Description of the task
The pictures stay out. Please retype every line below exactly.

Records contained in a dataset:
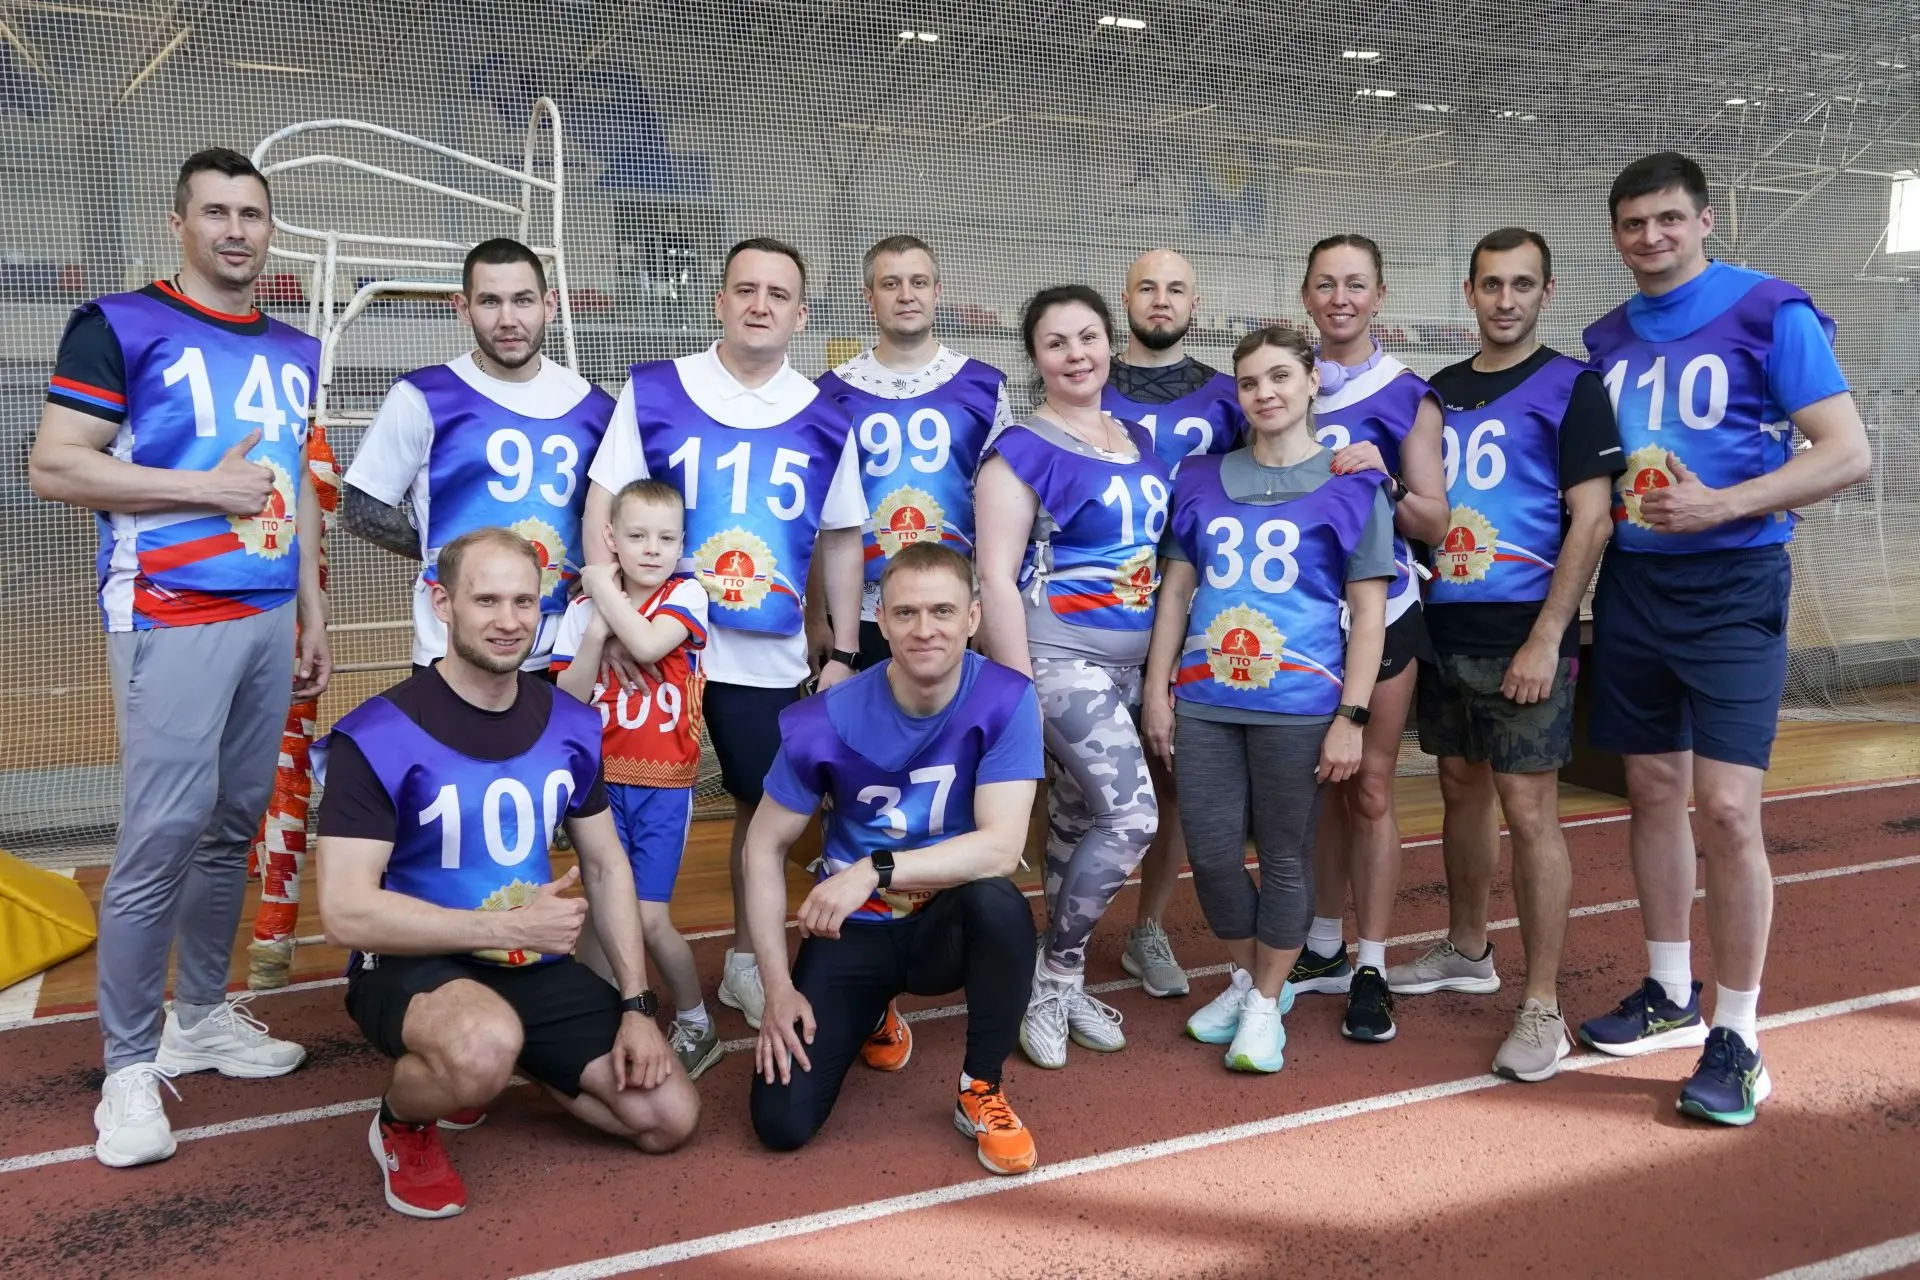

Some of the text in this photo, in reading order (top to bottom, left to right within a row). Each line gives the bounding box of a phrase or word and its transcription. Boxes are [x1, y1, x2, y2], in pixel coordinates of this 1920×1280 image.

[1603, 354, 1729, 430] 110
[486, 428, 579, 508] 93
[859, 408, 951, 477] 99
[668, 437, 810, 521] 115
[1102, 474, 1168, 545] 18
[262, 520, 278, 531] ГТО
[898, 531, 917, 540] ГТО
[1206, 516, 1300, 593] 38
[1451, 553, 1468, 562] ГТО
[723, 578, 744, 587] ГТО
[1229, 656, 1250, 666] ГТО
[418, 769, 576, 869] 100
[856, 764, 957, 840] 37

Completed task
Some of the text in this photo, in reading order (top to bottom, left to right within a row). Each line gives the bounding box of a phrase or word and its transcription. Boxes are [x1, y1, x2, y2], in pixel coordinates of this 1920×1280 image.

[1603, 354, 1729, 430] 110
[486, 428, 579, 508] 93
[859, 408, 951, 477] 99
[668, 437, 810, 521] 115
[1102, 474, 1168, 545] 18
[262, 520, 278, 531] ГТО
[898, 531, 917, 540] ГТО
[1206, 516, 1300, 593] 38
[1451, 553, 1468, 562] ГТО
[723, 578, 744, 587] ГТО
[1229, 656, 1250, 666] ГТО
[418, 769, 576, 869] 100
[856, 764, 957, 840] 37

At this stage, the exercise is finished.